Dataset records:
──────────

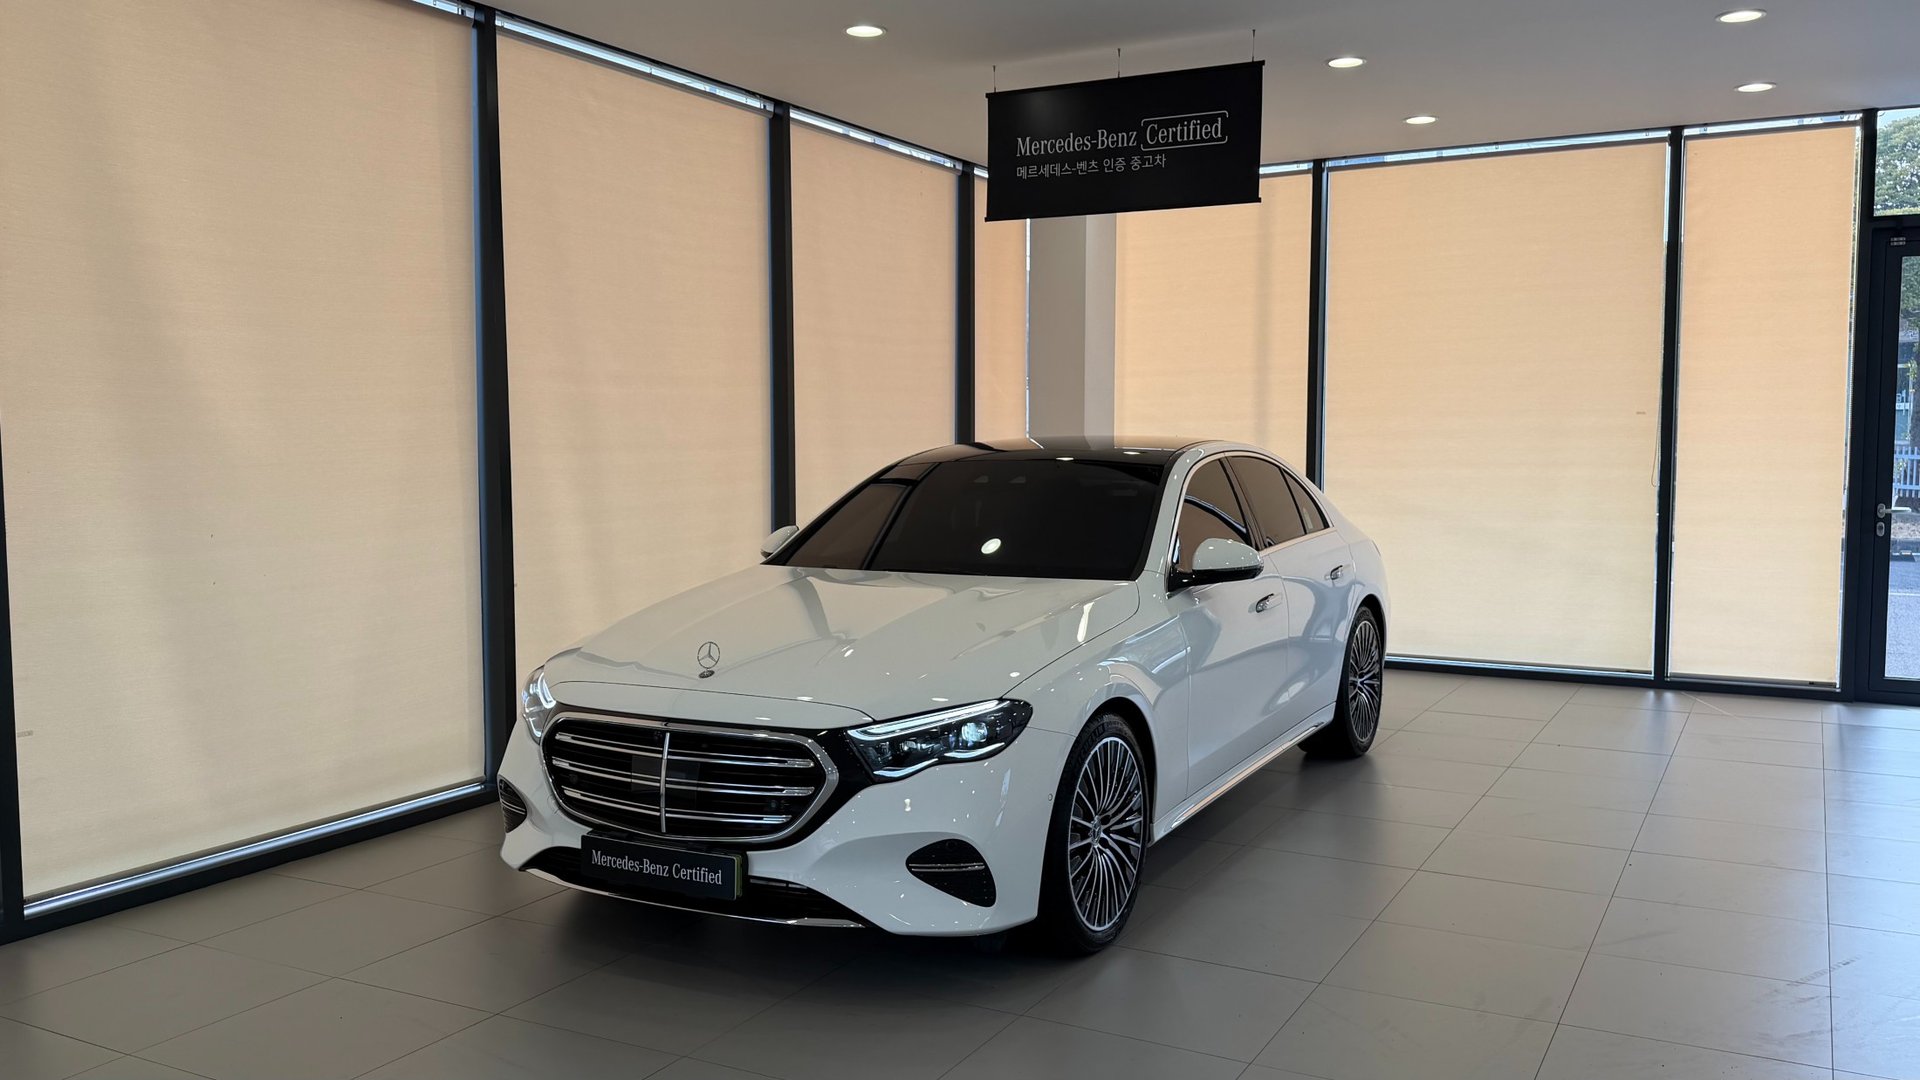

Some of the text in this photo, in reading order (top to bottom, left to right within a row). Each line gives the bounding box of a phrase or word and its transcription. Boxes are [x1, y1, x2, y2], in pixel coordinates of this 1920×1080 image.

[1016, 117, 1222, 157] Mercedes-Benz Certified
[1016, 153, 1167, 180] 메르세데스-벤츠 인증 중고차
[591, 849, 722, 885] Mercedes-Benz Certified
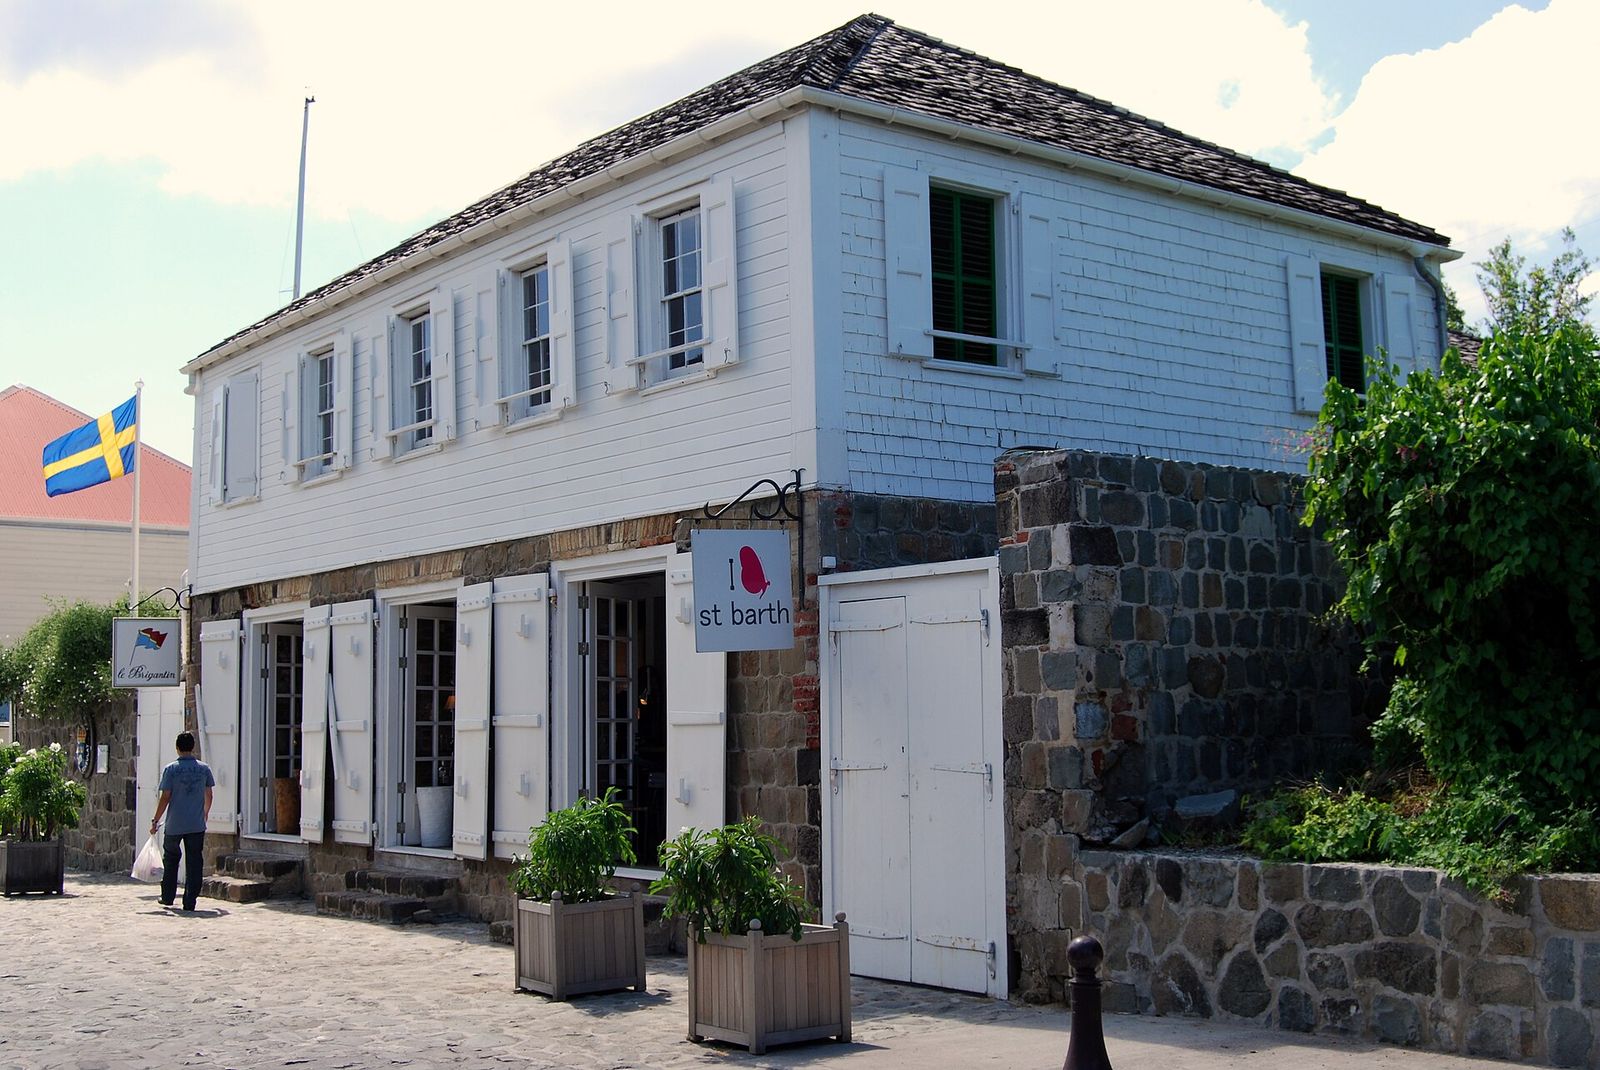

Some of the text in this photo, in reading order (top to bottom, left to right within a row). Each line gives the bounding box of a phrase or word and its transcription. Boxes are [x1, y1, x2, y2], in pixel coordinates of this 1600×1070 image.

──────────

**EXERCISE GOAL:** Every line of the records above should be copied exactly, while the pictures are left behind.

**TASK RESPONSE:**
Some of the text in this photo, in reading order (top to bottom, left to right within a row). Each line gives the bounding box of a phrase or word and its transcription. Boxes are [x1, y1, x2, y2], in pixel coordinates of this 1920×1080 image.

[1016, 117, 1222, 157] Mercedes-Benz Certified
[1016, 153, 1167, 180] 메르세데스-벤츠 인증 중고차
[591, 849, 722, 885] Mercedes-Benz Certified

Some of the text in this photo, in reading order (top to bottom, left to right within a row). Each line gives the bounding box of a phrase or word and its transcription. Boxes are [x1, y1, x2, y2], in pixel coordinates of this 1600×1070 image.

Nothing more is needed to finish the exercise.